Enhancing shear strength of RC beams through externally bonded reinforcement with stainless-steel strips and FRCM jacket to mitigate the failure risk

This study aims to assess the efficacy of innovative and sustainable methods in improving the shear performance of Reinforced Concrete (RC) beams lacking shear stirrups. Eleven specimens, including two control specimens and nine strengthened ones, underwent monotonic loading through three-point testing. Various strengthening configurations were investigated, involving the application of Stainless-Steel Strips (SSSs) affixed to the beam surface in the defective zone, along with a Fiber-Reinforced Cementitious Matrix (FRCM) jacket. In the first set of beams, SSSs were vertically applied, while the second set featured beams with SSSs inclined at 60 degrees, and the third set had SSSs inclined at 45 degrees. Each set comprised three beams, allowing for the examination of the impact of SSS thicknesses, set at 1 mm, 1.25 mm, and 1.50 mm. After the installation of SSSs, all strengthened beams received an FRCM jacket, including a 5 mm Engineered Cementitious Composites (ECC) layer with embedded Glass Fiber Reinforced Polymer (GFRP) textile. The study concludes that incorporating SSS strips with an FRCM jacket delays the initiation of the first crack in defective beams.
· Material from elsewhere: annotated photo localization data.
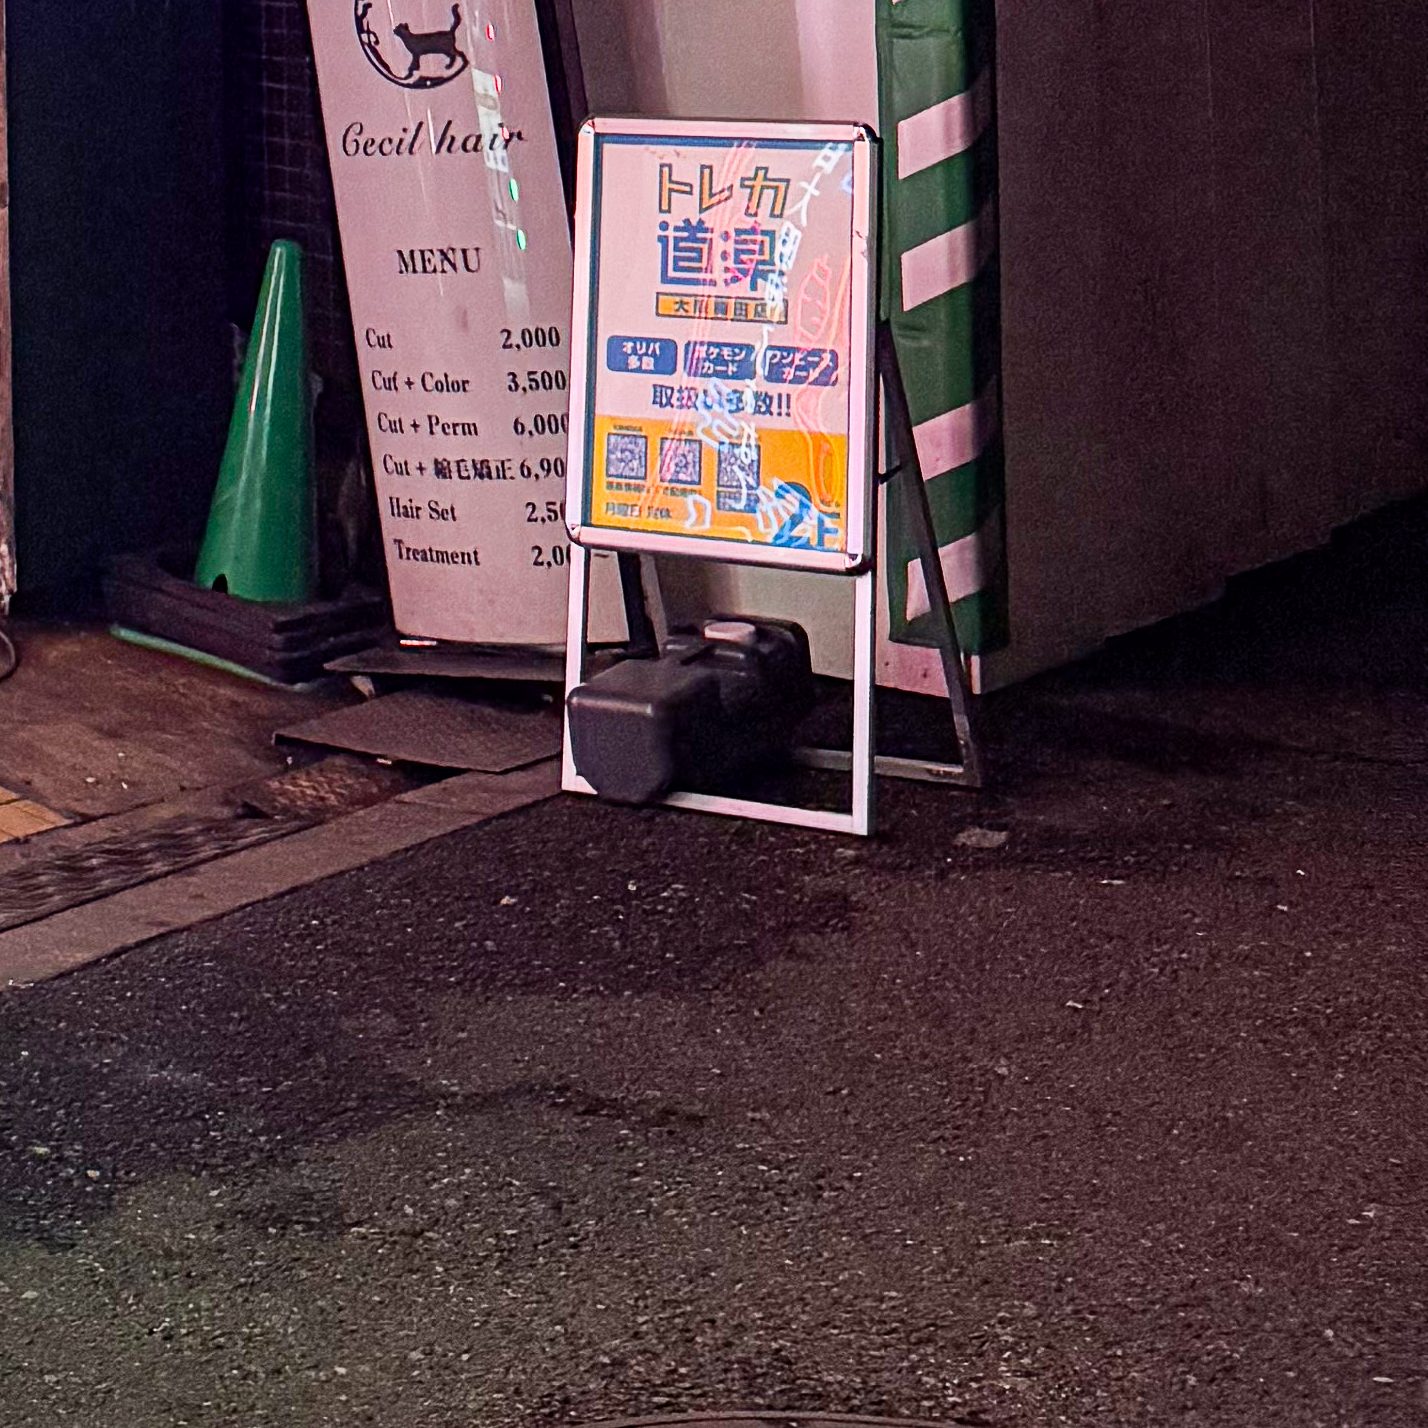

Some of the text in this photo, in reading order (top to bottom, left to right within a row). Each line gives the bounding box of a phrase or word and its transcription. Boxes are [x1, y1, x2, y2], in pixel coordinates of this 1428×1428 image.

[343, 119, 524, 156] Cecil hair
[658, 162, 791, 219] トレカ
[396, 247, 483, 275] MENU
[365, 326, 561, 351] Cut 2,000
[371, 370, 398, 393] Cut
[421, 371, 471, 394] Color
[507, 370, 567, 394] 3,500
[377, 412, 404, 435] Cut
[427, 414, 479, 437] Perm
[383, 454, 410, 477] Cut
[389, 496, 423, 520] Hair
[427, 499, 458, 522] Set
[393, 538, 481, 567] Treatment
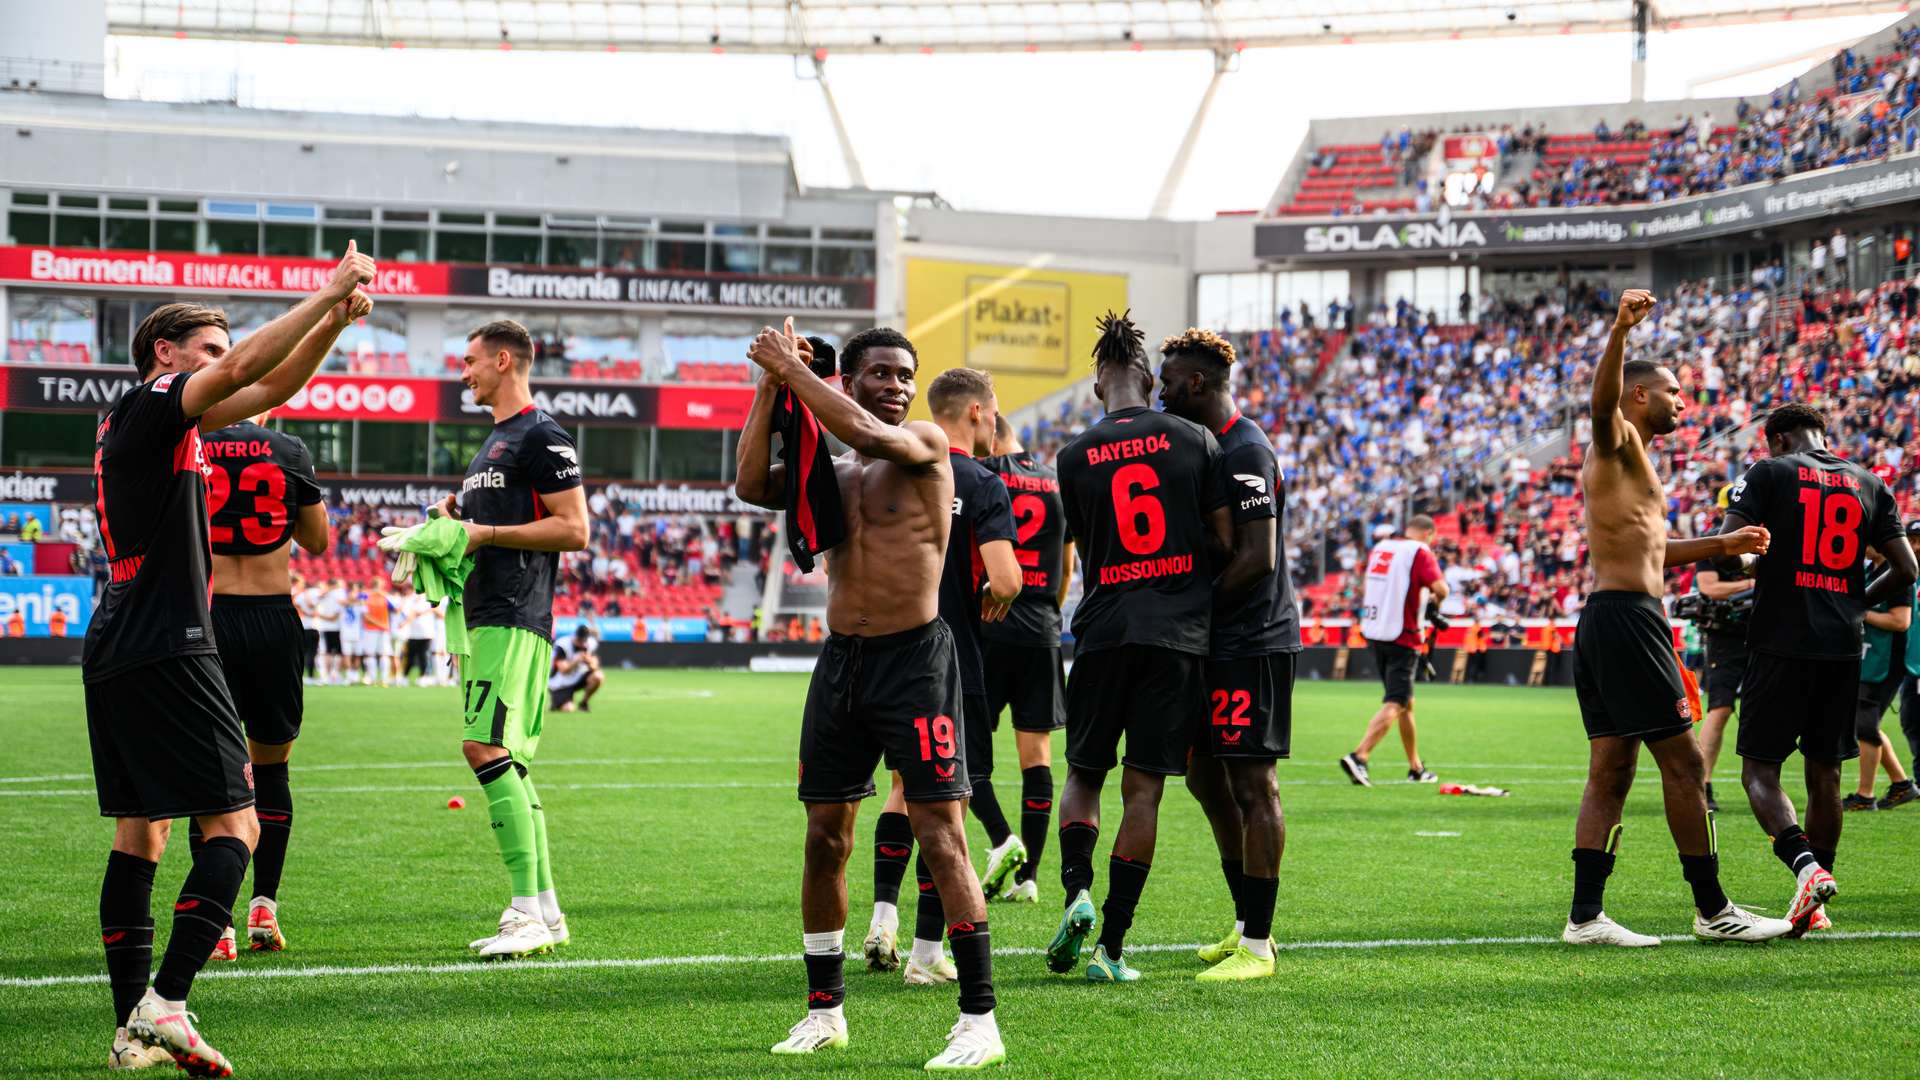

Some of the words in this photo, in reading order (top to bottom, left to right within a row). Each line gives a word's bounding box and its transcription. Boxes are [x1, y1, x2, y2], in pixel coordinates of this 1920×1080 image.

[1304, 221, 1486, 252] SOLARNIA
[31, 249, 174, 285] Barmenia
[183, 262, 277, 288] EINFACH.
[488, 267, 620, 300] Barmenia
[627, 279, 714, 304] EINFACH.
[720, 281, 847, 309] MENSCHLICH.
[461, 389, 637, 419] SARNIA
[203, 441, 248, 457] AYER
[248, 440, 273, 458] 04
[1086, 437, 1146, 466] BAYER
[1145, 432, 1172, 454] 04
[999, 471, 1042, 492] BAYER
[1797, 466, 1843, 489] BAYER
[1841, 474, 1862, 492] 04
[209, 461, 289, 546] 23
[1110, 462, 1167, 556] 6
[1240, 496, 1271, 511] trive
[1012, 493, 1047, 568] 2
[1797, 486, 1864, 571] 18
[1100, 554, 1193, 586] KOSSOUNOU
[1794, 571, 1849, 594] MBAMBA
[464, 680, 492, 713] 17
[1211, 689, 1251, 726] 22
[913, 714, 957, 762] 19
Increasing SSSs thickness contributes to a more favorable crack distribution. The 60 degrees inclined SSSs proves to be the most effective, rectifying the deficiency from the absence of shear stirrups and surpassing the original beam's performance. Additionally, finite element analysis was conducted, and the results supported the accurateness of the developed model in simulating responses and crack patterns throughout all loading stages.